The threat of the looming trade case brought by Suniva and backed by SolarWorld has many in the solar industry and beyond worried, as evidenced by the activity at Solar Energy Industries Association (SEIA) and other groups.
However, there are some actors who do not appear terribly concerned about the outcome. Among these is power giant NextEra Energy, which is one of the nation’s largest developers and owners of wind and solar assets.
In its Q2 results released yesterday, NextEra announced that since the time of its Q1 results, the company’s development and independent power producer arm has added 438 MW of solar projects to its backlog. NextEra Energy Resources already has 403 MW of signed contracts for solar projects across the United States which are planned to come online over the next year and half, but it expects to build up to 1.3 GW of solar over this timeframe.
“We believe we are well-positioned to capitalize on one of the best environments for renewables development in our history,” stated NextEra Energy Executive VP and Chief Financial Officer John Ketchum on the company’s results call.

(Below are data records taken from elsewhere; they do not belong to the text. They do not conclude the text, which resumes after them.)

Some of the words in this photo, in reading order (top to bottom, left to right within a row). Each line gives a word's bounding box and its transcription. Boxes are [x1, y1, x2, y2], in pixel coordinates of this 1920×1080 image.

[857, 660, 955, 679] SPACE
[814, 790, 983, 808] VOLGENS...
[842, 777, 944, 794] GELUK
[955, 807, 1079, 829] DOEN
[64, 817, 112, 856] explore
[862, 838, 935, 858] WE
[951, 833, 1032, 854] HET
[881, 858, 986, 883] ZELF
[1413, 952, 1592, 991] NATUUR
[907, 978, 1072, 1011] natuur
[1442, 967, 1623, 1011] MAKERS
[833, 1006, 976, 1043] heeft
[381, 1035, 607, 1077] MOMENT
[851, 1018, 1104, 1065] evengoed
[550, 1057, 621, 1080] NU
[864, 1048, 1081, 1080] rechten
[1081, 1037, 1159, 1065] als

“With continued cost and efficiency improvements in wind and solar technology, economics have become the primary driver of ongoing customer origination activity.”
Going forward the company expects to build even more solar, with NextEra planning a total of 1.4-3.8 GW of solar by 2020. Clearly these projects would be affected by any trade action taken by the U.S. government, and while NextEra CEO Jim Robo says that he is watching the trade case closely, he says that he is not overly concerned.

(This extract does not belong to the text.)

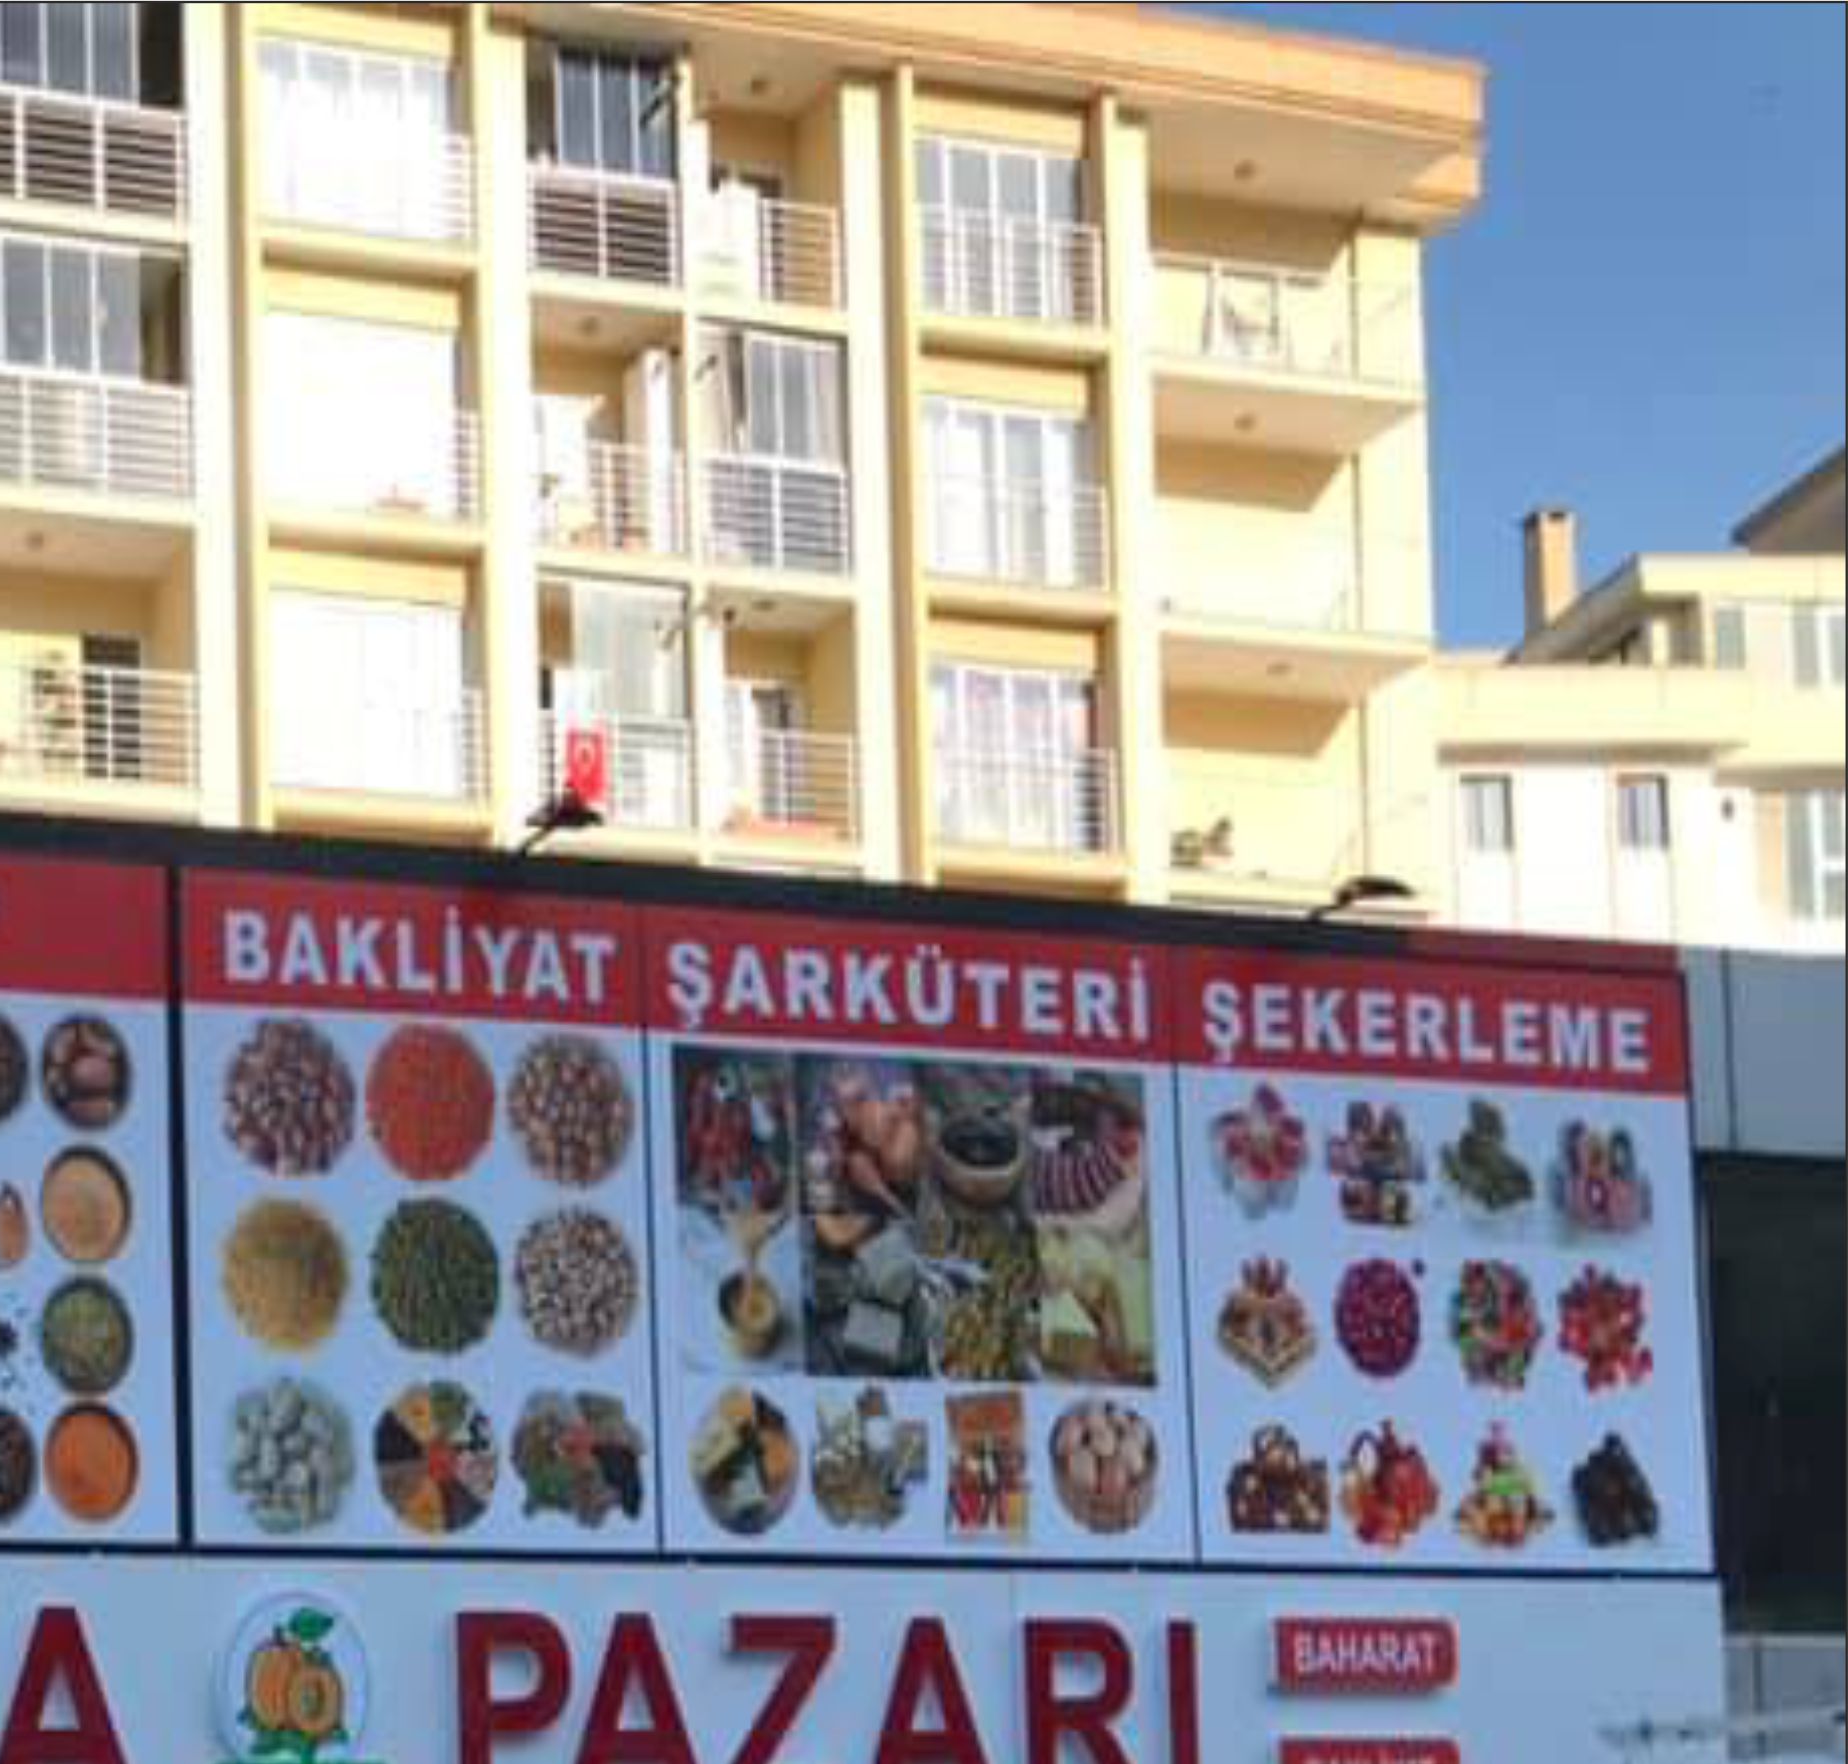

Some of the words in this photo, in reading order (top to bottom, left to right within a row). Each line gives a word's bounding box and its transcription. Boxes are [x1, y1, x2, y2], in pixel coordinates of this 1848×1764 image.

[223, 905, 617, 1000] BAKLİYAT
[668, 942, 1148, 1040] ŞARKÜTERİ
[1201, 982, 1649, 1073] ŞEKERLEME
[1292, 1628, 1436, 1675] BAHARAT

“My own view on this is that markets adjust and this is a very competitive market out there for manufacturing panels, that the panel manufacturers are not going to abandon this market and they’ll figure out a way to compete,” explained Robo. “And it may take a little bit, but fundamentally I’m not worried about the long-term implications of whatever happens with the ITC there.”
In addition to the work through its IPP arm, NextEra is also building a large volume of solar for its utility, Florida Power and Light (FPL). Contractors Black and Veatch and Blattner are currently building 596 MW of solar for FPL, and NextEra confirmed the timeline for the first of these plants to come online by the end of the year, and the rest in 2018.
All in all, this appears to be working out well financially for NextEra as well. The parent company brought in $4.4 billion in revenues and a net income of $793 million during the second quarter. And while FPL has been a profitable business for NextEra, NextEra Energy Resources also showed a high operating margin at 26% and brought in more profit in relation to its revenues due to a lower tax burden.
This is despite significant problems for IPPs nationally due to depressed wholesale power prices. However, here NextEra’s reliance on contracted assets instead of merchant projects may be a major benefit, and in a slide accompanying its results, the company revealed that contracted renewables were responsible for around 1/3 of NextEra Energy Resources’ cash flows.